Потерянный и возвращенный рай – вот покров Наполеонова мифа над мистерией; вот где душа народа соприкоснулась с душой героя.
«Бред сумасшедшего или лубочная картинка», – может быть, решил бы Тэн о книге Блуа, и был бы неправ. Не бывает ли, не была ли от 1793 до 1815-го «психология масс» похожа на «бред сумасшедшего» и «лубочная картинка» не драгоценный ли документ для историка?

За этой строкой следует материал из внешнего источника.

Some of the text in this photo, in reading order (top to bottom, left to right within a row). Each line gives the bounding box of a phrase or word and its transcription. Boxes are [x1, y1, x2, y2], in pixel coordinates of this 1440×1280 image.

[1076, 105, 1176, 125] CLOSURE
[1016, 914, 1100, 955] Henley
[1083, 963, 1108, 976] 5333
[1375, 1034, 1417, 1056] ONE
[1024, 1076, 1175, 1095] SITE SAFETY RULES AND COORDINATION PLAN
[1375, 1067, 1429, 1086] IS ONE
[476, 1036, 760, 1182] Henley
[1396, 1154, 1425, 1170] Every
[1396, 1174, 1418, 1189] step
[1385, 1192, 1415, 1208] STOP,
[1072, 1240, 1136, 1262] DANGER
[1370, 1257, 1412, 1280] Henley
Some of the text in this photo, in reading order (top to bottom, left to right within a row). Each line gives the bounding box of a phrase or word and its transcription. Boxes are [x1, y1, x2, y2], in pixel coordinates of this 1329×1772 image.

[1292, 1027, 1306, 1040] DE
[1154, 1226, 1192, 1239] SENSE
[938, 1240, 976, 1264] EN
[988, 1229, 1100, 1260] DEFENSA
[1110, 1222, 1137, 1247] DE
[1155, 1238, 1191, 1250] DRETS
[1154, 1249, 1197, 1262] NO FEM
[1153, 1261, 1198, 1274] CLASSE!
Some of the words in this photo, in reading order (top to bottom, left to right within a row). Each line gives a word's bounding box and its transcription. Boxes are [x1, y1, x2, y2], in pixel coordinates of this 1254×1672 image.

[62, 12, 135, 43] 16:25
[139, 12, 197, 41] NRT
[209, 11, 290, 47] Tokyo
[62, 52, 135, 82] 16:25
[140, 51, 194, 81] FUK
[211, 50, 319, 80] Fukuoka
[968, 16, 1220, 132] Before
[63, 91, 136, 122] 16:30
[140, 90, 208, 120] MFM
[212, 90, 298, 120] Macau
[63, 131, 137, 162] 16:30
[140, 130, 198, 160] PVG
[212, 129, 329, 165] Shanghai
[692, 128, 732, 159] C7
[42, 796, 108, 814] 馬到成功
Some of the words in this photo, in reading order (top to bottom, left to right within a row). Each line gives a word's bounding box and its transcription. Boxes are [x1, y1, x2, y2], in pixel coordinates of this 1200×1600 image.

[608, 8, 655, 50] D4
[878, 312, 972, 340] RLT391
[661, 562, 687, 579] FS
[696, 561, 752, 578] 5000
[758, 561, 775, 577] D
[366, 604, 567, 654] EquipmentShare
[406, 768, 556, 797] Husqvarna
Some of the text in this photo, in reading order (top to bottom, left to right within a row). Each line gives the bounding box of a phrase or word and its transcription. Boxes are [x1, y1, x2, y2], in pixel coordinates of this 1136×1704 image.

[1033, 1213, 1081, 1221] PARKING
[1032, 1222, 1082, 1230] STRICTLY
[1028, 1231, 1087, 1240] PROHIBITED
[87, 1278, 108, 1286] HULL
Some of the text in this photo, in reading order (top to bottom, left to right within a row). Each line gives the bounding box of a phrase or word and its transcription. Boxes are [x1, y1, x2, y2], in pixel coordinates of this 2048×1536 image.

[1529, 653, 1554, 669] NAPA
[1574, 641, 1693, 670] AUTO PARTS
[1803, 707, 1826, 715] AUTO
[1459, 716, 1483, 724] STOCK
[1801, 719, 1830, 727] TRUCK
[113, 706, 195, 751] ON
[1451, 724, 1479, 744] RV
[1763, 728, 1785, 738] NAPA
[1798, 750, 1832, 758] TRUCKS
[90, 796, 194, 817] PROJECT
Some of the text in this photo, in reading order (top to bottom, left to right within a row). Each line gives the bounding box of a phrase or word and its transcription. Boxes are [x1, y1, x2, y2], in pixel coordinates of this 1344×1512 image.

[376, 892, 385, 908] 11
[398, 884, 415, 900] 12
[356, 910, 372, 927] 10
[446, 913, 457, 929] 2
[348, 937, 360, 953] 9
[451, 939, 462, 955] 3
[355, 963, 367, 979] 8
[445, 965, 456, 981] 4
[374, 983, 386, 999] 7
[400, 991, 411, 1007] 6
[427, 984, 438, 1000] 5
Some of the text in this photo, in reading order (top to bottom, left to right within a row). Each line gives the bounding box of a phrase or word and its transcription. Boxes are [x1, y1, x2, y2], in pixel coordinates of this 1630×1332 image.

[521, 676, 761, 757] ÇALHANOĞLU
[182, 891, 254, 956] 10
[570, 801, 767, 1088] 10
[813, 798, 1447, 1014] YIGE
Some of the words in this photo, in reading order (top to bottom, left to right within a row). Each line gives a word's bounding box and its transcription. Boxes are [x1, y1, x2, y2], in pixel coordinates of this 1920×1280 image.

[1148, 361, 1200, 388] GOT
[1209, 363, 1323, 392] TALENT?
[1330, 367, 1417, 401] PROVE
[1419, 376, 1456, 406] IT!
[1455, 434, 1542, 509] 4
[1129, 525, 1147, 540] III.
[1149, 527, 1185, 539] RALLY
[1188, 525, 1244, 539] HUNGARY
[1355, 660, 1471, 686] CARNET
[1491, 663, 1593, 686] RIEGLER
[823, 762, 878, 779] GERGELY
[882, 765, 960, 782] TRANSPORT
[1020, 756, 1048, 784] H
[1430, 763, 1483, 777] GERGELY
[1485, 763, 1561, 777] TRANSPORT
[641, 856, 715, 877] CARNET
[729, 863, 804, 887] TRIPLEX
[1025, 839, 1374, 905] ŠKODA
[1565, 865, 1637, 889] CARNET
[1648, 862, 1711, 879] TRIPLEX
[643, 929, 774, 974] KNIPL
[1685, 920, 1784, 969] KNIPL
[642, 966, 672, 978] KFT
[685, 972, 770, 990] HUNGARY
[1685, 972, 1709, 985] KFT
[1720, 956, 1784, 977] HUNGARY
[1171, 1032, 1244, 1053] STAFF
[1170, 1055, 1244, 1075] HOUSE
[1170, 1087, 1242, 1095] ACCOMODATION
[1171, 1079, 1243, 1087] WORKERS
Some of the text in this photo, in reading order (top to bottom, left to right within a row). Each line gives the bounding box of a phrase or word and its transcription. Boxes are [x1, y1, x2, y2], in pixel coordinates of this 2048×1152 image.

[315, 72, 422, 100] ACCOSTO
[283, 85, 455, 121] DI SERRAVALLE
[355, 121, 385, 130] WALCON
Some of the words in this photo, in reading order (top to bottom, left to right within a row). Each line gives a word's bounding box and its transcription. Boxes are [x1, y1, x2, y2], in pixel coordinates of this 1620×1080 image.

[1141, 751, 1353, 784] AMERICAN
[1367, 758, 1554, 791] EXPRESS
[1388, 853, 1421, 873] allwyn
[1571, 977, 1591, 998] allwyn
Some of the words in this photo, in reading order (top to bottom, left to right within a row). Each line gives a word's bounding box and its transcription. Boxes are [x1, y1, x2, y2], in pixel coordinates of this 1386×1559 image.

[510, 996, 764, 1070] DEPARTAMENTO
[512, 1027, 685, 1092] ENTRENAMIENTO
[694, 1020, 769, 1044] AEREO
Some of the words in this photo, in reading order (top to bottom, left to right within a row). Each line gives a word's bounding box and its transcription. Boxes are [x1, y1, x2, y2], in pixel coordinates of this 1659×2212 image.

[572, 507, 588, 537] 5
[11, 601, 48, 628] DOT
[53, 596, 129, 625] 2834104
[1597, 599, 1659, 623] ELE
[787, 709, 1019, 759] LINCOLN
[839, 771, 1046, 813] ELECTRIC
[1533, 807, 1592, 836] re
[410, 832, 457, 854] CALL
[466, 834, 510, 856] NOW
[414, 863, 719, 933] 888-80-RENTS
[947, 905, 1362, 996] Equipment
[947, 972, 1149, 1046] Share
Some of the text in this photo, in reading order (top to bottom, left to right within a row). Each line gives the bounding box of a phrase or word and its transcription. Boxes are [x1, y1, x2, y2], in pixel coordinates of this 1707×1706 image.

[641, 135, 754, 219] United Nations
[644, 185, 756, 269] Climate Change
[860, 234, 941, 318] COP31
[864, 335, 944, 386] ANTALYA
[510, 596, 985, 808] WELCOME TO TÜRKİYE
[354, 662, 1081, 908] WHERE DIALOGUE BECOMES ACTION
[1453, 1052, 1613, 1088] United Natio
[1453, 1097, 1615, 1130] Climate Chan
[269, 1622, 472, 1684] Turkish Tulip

Тем-то и драгоценен Блуа, что продолжает в душе своей Наполеонову «психологию масс», воскрешает Наполеонов миф. Когда он говорит о «своем Императоре», на глазах у него блестят такие же слезы, как у старых усачей-гренадеров Великой Армии; тем-то он и драгоценен, что доказывает, что Наполеон все еще жив, в душе французов, в душе Франции, и, может быть, даже сейчас живее, чем когда-либо; что все еще из-под сорока тысяч книг – могильных камней – встает Неизвестный Солдат:
Из гроба встает Император.
«И то важно знать не одним французам, но и всем европейцам, потому что Герой может им всем понадобиться: „Будете плакать обо мне кровавыми слезами“»!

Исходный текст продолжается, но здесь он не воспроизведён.